1. An image semantic communication system based on a smart metasurface, characterized in that: Using deep based on smart metasurface A joint source-channel image compression coding method, specifically including an offline training process and a physical deduction process; The offline training process includes: S1 includes: designing the semantic source-channel encoder, channel space, receiver generator, loss function and optimizer required for the joint source-channel coding process, and then initializing their respective network parameters; S2. Input the batched data into the training network built in step S1, and let it pass through the semantic source channel encoder, channel space, and receiver generator in sequence. Calculate the corresponding loss function value, and train the semantic source channel encoder and receiver generator alternately under the guidance of the optimization function. Update the network parameters using stochastic gradient descent and backpropagation. S3. Update the network parameters sequentially using three different learning rates, and determine whether the loss function value has converged to the preset value. If yes, terminate the training early and save the corresponding model parameters for offline work of edge devices; otherwise, repeat step S2. The physical deduction process specifically includes: (1) The radio frequency signal generator generates a radio frequency carrier, and the modulation and MIMO transmission are realized through the spatial modulator. The spatial modulator consists of a layer of RIS and control hardware to adjust the behavior of each RIS unit. After receiving the radio frequency signal, the spatial modulator can perform signal processing on it. (2) The radio frequency signal enters the semantic encoder and the wireless channel to complete the communication transmission process; after mapping the signal to the first layer of the semantic encoder, the intelligent metasurface directly performs computational processing on the wireless signal; the semantic encoder corresponds to the semantic source channel encoder in the offline training process. (3) After passing through the wireless channel space, the radio frequency signal passes through the semantic decoder, which corresponds to the receiver generator in the offline training process. The semantic decoder decodes the transmitted signal from the parameter space to obtain the received signal, thereby completing the communication process.

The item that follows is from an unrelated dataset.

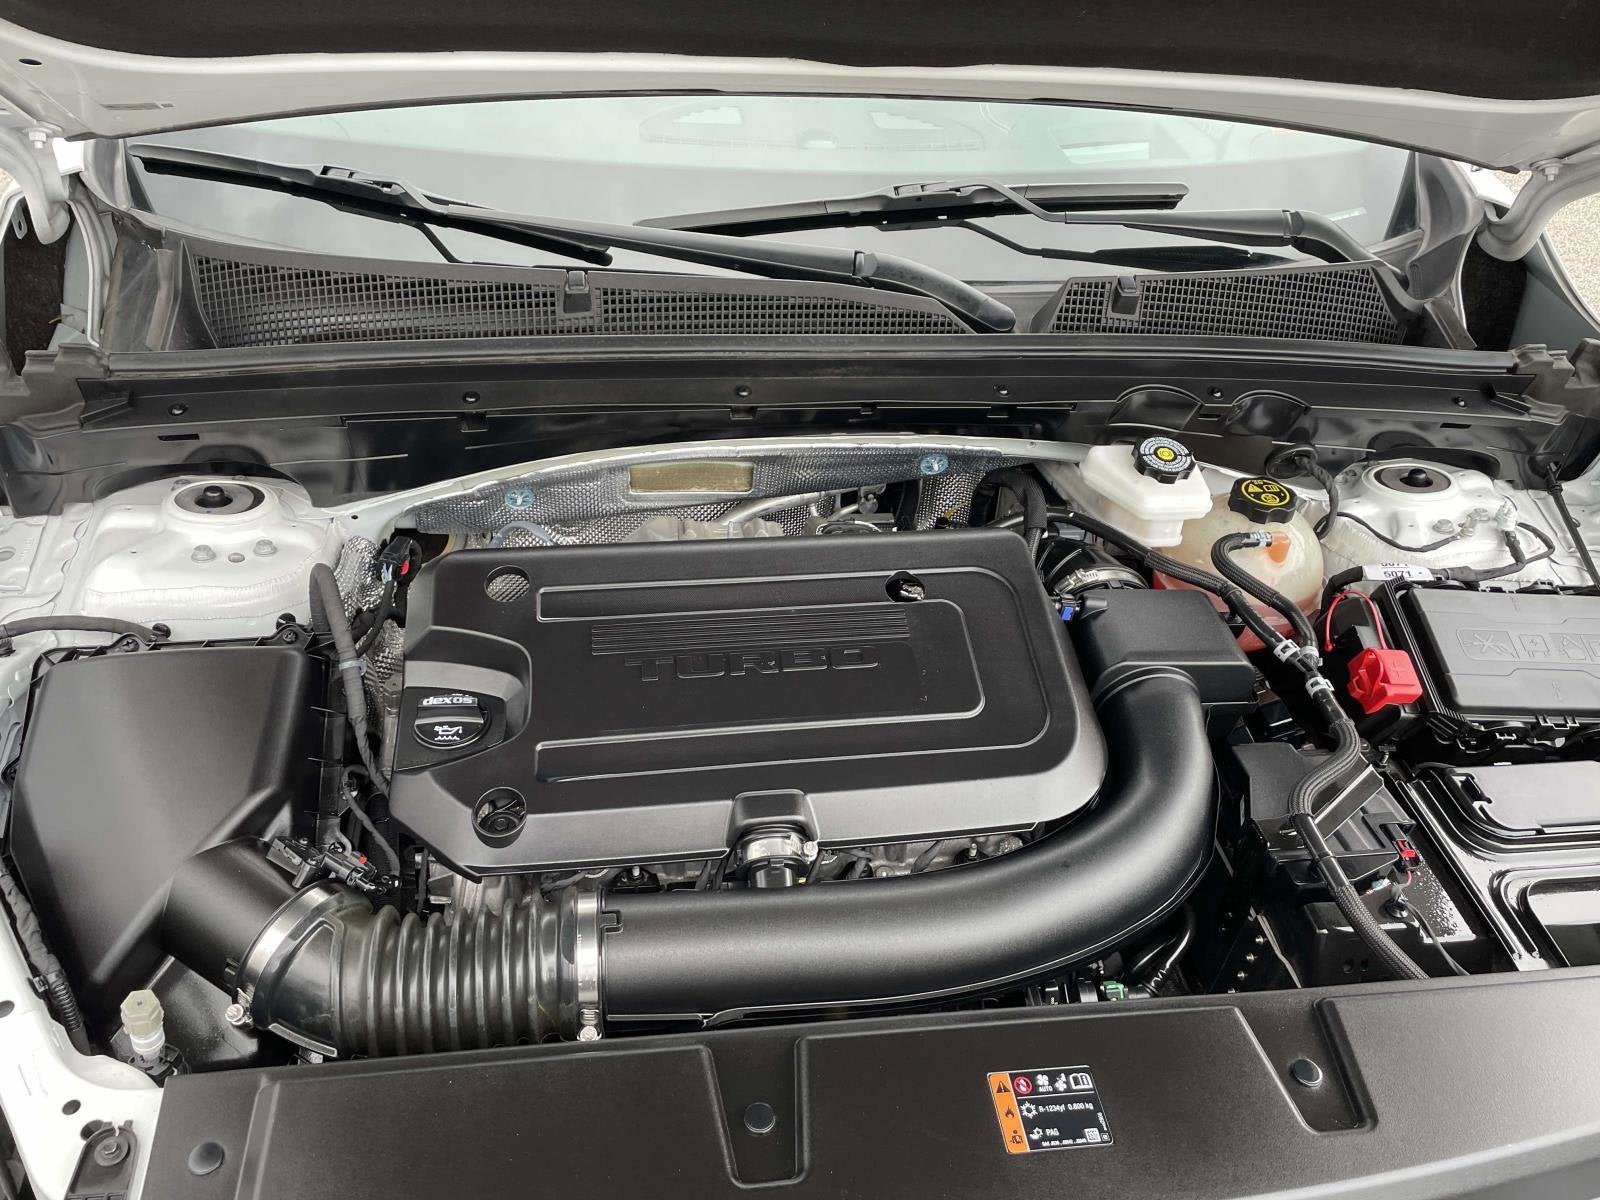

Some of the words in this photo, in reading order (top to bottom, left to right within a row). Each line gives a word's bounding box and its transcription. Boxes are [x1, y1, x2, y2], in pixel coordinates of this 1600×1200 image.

[624, 645, 880, 682] TURBO
[422, 696, 473, 706] dexos
[1046, 1128, 1060, 1137] PAG

2. The image semantic communication system based on a smart metasurface according to claim 1, characterized in that: In step S1, the provided dataset is preprocessed by modulating it from the real domain to the complex domain, and simultaneously shuffling, batching, and normalizing it; the semantic source-channel encoder, channel space, receiver generator, loss function, and optimizer required for the joint source-channel coding process are designed, and then the network parameters are initialized.